Private securities marketplace EquityZen has issued a report that notes 28% of unicorns are now trading at less than $1 billion. These former unicorns have been impacted by the overall decline in markets as well as a stumbling economy, which has impacted valuations and access to capital.

EquityZen shares that in 2013, there were just 39 unicorns, while today, there are around 1200 unicorns worth an aggregate amount of $3.7 trillion. While inflation has something to do with it, the rise of private firms reflects the increase in private capital available to fund these firms. At the same time, companies today try to remain private for as long as possible.

As for fallen unicorns, the report points to Bolt as emblematic – once valued at around $11 billion, the company recently announced a share buyback at a valuation of just $300 million.

EquityZen asks the question as to how many former unicorns no longer qualify to top that $1 billion hurdle, noting that more than 400 unicorns have not raised money since 2021.

Leveraging their secondary market data, EquityZen reports that transactions over the past two years, 28% of these firms are trading at valuations less than $1 billion, thereby losing their unicorn status.

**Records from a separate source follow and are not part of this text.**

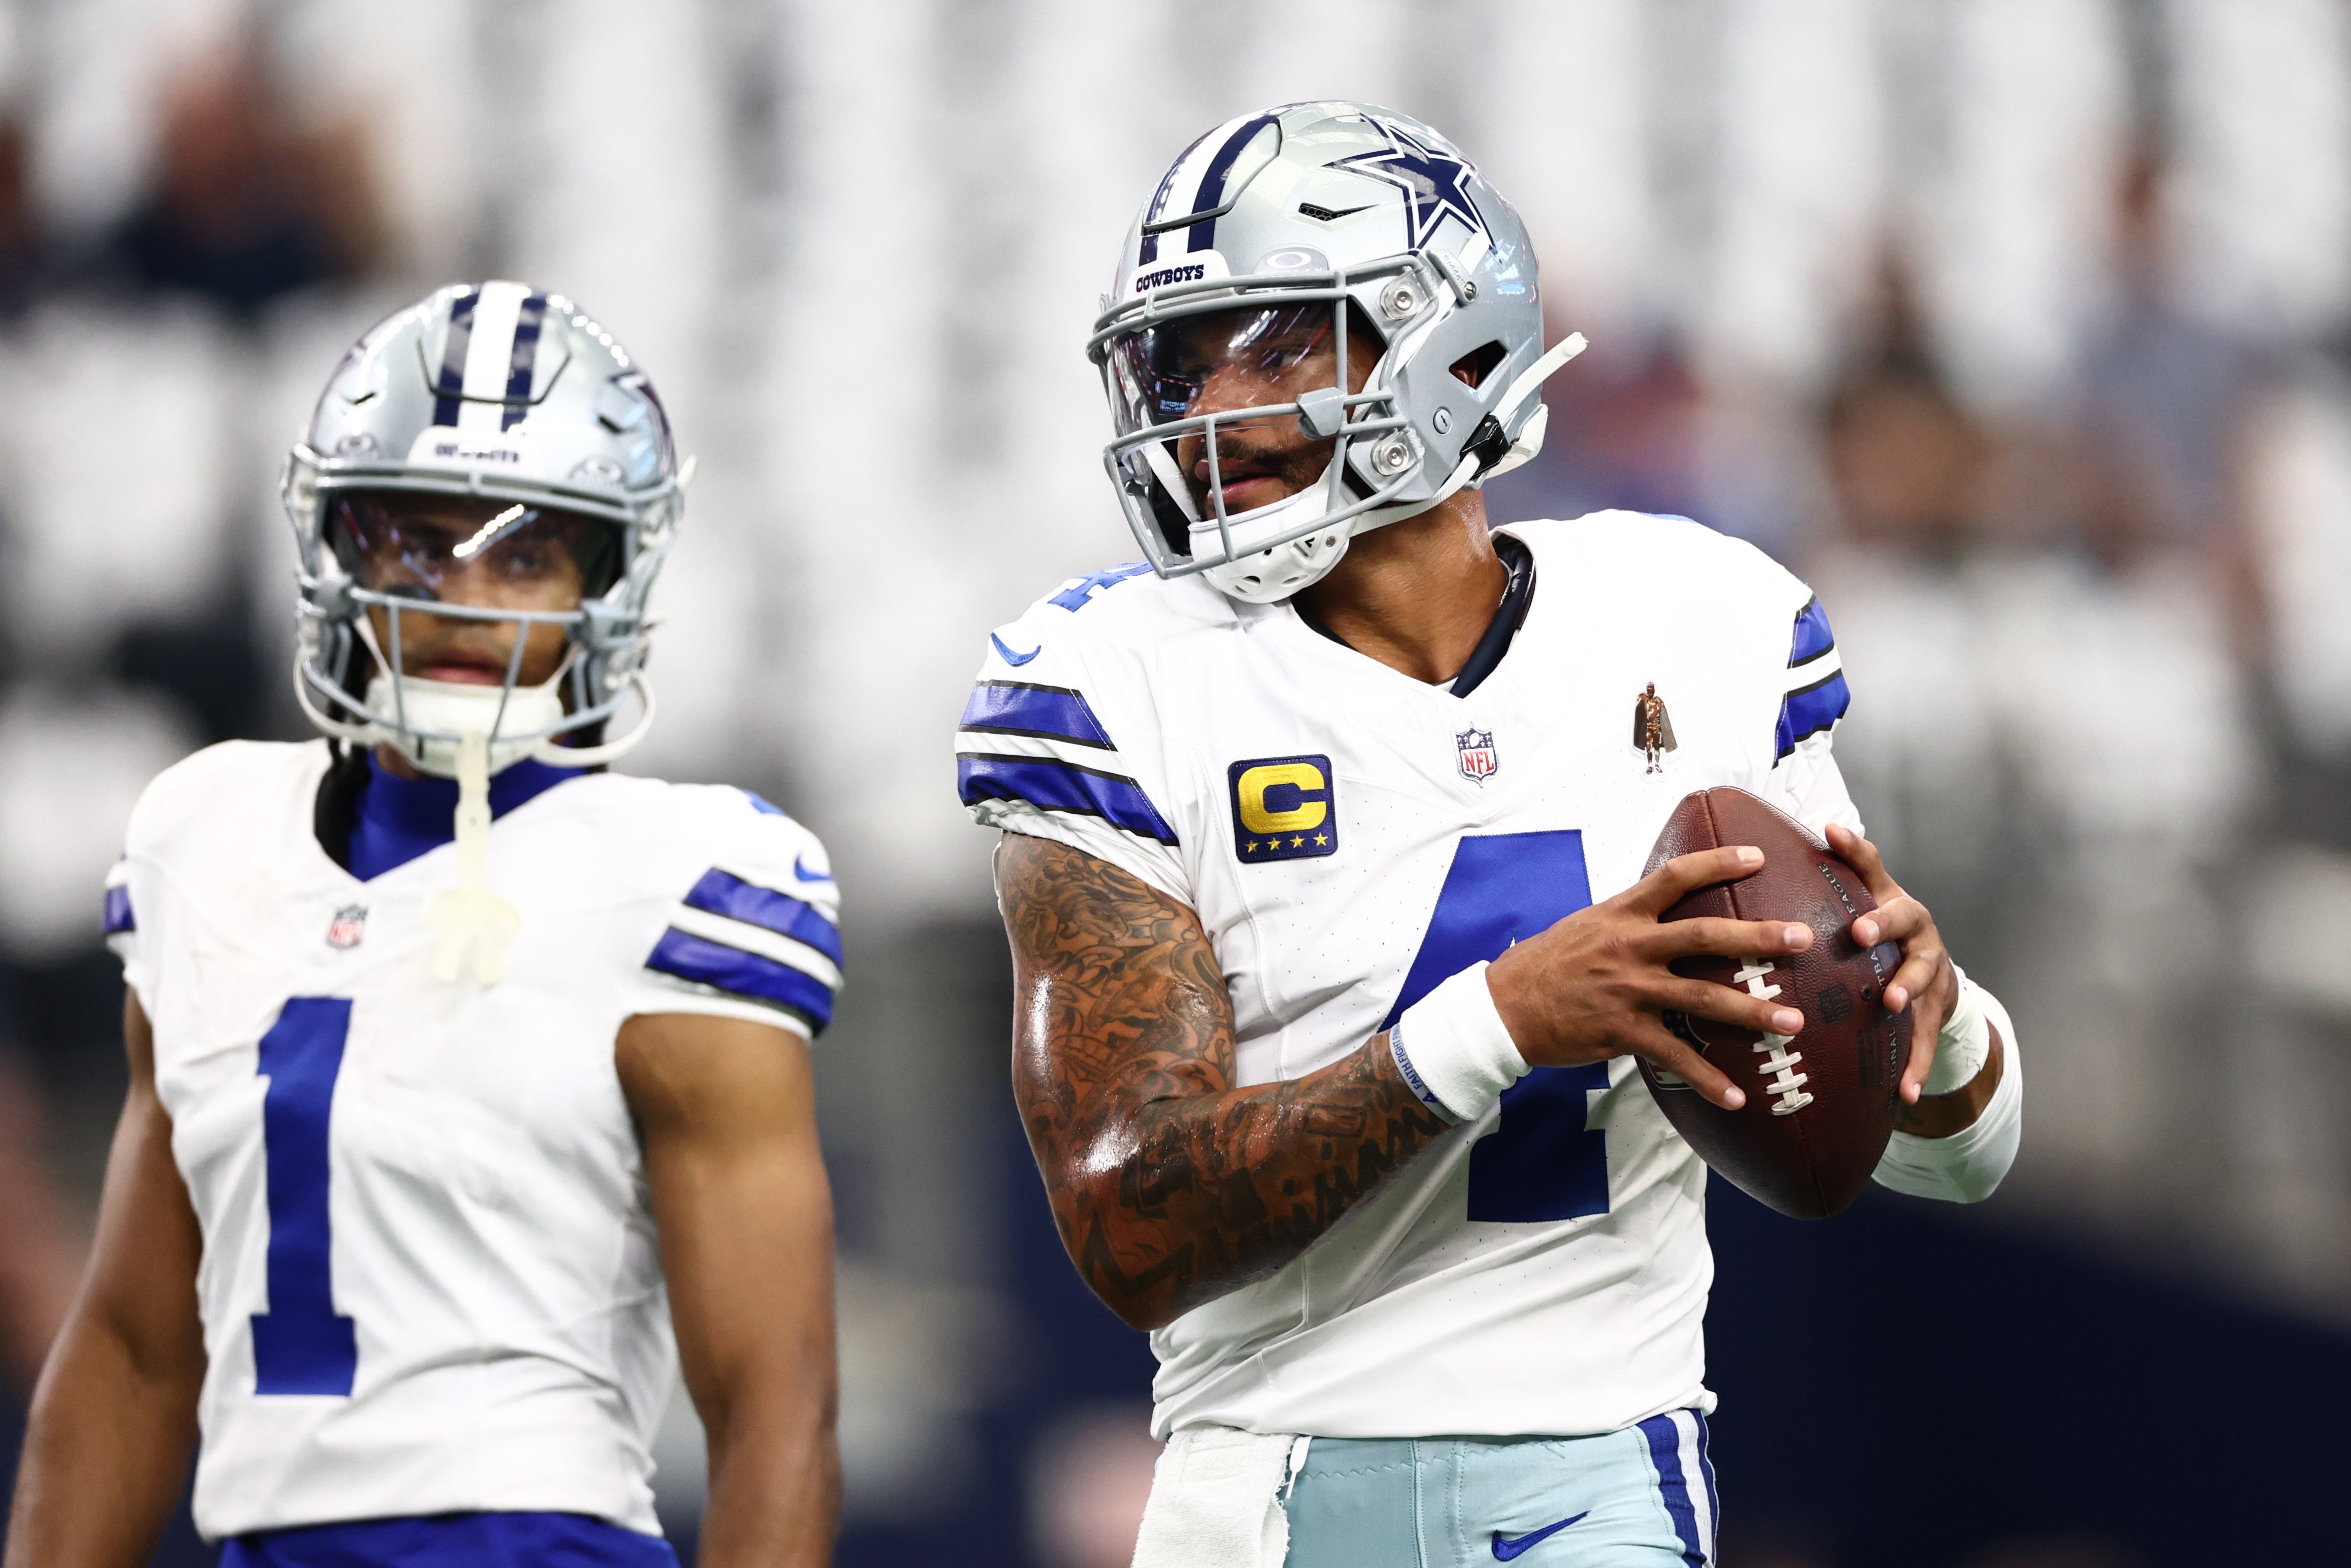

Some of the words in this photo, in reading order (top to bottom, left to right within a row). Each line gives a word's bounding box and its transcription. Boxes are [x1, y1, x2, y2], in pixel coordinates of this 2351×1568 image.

[1136, 264, 1204, 292] COWBOYS
[1463, 751, 1494, 775] NFL
[1237, 762, 1327, 834] C
[1819, 863, 1860, 918] EAGUE
[1377, 829, 1611, 1222] 4
[1393, 1040, 1407, 1063] FIGHT
[1402, 1063, 1423, 1090] FAITH
[250, 995, 359, 1397] 1

Extrapolating to the broader environment, EquityZen predicts that approximately 330 firms are no longer unicorns.

The company states that 17% of all VC investing rounds in Q3 of last year were down rounds versus 5% of funding rounds in 2021. Referencing Pitchbook data, the report states that 44% of later-stage funding rounds were flat or down in 2023. EquityZen predicts that down rounds will be the norm this year, and more companies will officially lose their unicorn status.

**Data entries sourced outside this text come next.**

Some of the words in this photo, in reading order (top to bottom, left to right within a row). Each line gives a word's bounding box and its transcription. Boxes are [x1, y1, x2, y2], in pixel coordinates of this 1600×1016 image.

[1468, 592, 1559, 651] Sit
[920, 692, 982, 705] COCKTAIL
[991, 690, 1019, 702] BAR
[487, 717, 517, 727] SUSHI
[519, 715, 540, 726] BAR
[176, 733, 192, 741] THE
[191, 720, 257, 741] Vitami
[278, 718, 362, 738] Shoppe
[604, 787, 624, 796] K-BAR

As for performance by sector, Real Estate, Healthcare, and Industrials led the way to diminished valuations, as around half are said to have lost their unicorn status.

At the same time, Fintech, Food & Beverage, and Artificial Intelligence (AI) have been more able to maintain their unicorn status, with fewer being demoted.

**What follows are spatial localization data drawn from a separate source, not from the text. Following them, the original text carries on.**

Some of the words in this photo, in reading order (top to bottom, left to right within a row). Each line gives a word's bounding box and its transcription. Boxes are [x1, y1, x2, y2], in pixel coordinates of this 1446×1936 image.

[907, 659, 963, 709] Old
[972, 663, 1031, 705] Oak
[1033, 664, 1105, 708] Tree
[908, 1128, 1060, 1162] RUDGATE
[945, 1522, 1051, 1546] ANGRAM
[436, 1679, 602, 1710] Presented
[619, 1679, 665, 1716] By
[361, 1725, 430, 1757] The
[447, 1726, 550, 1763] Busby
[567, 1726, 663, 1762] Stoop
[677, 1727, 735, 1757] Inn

Enterprise Software-as-a-Service (Saas) and Information Technology (IT)have lost 30% and 25% of their Unicorns, respectively, as displayed by trading on EquityZen.

Historically, companies tend to trade at a discount on EquityZen, with fallen unicorns trading at around a 30% discount and current unicorns trading at a 15% discount.

“This data shows that when it comes to valuations, it’s not a one-size-fits-all market and specific companies and industries can buck the broader trends, keeping more of their Unicorns horned.”

EquityZen does not believe this is a new normal but more of an adjustment where companies see a decline in valuation – at least temporarily. While some unicorns raised money at 100X of sales at the height of the market, NASDAQ traded firms currently trade at just 4.6X times sales.

While EquityZen is seeing the average private company trading at a 30% discount to their last funding round, this is an improvement when compared to December 2022, when the discount was 51%. The company says this is indicative of a market that has stabilized with valuations normalizing.

EquityZen states:

“While some late-stage companies will inevitably become Unicorpses, as more late-stage companies continue their shift to profitability, we’ll start to see new leaders emerge who are continuing to grow and innovate within their respective industries. The market’s obsession with the term Unicorns over the past decade paints a picture of a market focused solely on valuation growth. So maybe it’s time to redefine the term, or come up with a new one to recognize the emerging private companies leading the way in this new market paradigm. Perhaps they will be the Phoenixes rising from the ashes.”